The family of a young woman who took  legal action against the State and drugs company GSK in relation to her contracting the sleep disorder narcolepsy after being administered with the receipt of the Pandemrix vaccine has slated as “a national scandal” the millions of Euro in taxpayers money spent defending the case by the State.

Aoife Bennett (27) who was given the vaccine when she was a child during the height of the Swine Flu pandemic fears in 2009, settled her case with the Department of Health and Health Service Executive (HSE) at the High Court. The confidential settlement is without an admission of liability.
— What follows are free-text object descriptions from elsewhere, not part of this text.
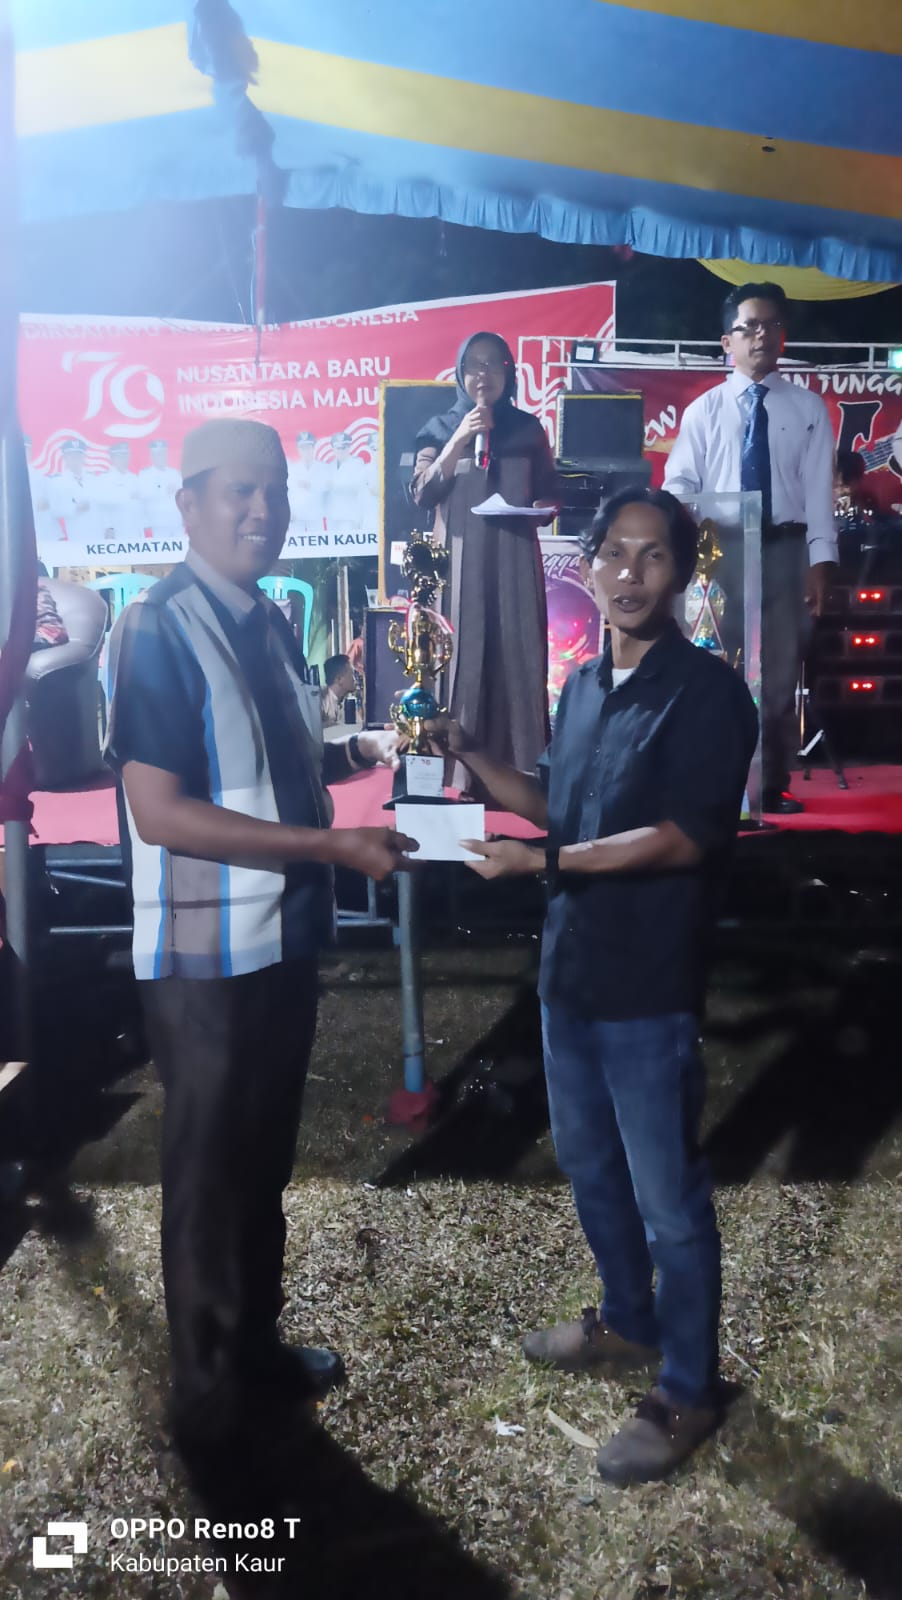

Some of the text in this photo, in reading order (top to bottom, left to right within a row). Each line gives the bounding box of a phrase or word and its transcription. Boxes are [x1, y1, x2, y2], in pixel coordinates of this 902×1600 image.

[176, 356, 391, 385] NUSANTARA BARU
[62, 351, 164, 439] 79
[177, 386, 379, 416] INDONESIA MAJU
[86, 540, 183, 556] KECAMATAN
[334, 533, 378, 547] KAUR
The High Court action was last week informed that that key data on the vaccine was not included in Irish medication reports because it was considered to be “useless.” However, that data indicated that Pandemrix had a ten times greater danger for serious side effects than a sister vaccine produced by the same company.

Ms Bennett and her family expressed their wished that that the State decision to settle their action will clear the path for around 100 other pending claims over narcolepsy to be settled with proper compensation being paid to claimants.

The vaccination compensation settlement for the student teacher was awarded against the Department of Health and the HSE. GSK and the Health Products Regulatory Authority (HPRA) were not party to the settlement and will not pay anything in relation to costs or compensation.

Aoife’s mother Mary Bennett said “It is a national disgrace that millions of taxpayers money has been wasted in defending my case and other similar cases against children and young people who do not have any right to legal aid.” She went on to say that the public was not made aware that there were safety concerns over the vaccine – and she called for a thorough review of the drug regulatory system in Ireland.

The Bennett family also hit out at the way they were treated over the past decade by the State. Ms Bennett had broken down while giving evidence in the High Court. Her parents Pat and Mary said: “The behaviour of the defendants prior to and during the trial has been exceptionally hostile. Further, the State Claims Agency have taken a very adversarial approach in dealing with Aoife’s case. The aggressive cross examination of Aoife, and us as parents, over four days is something I hope will not be replicated for other families. Today, Aoife has succeeded in recovering compensation and her case has been vindicated. However, no money will ever compensate Aoife for a lifetime of living with the incurable disability of narcolepsy and cataplexy.”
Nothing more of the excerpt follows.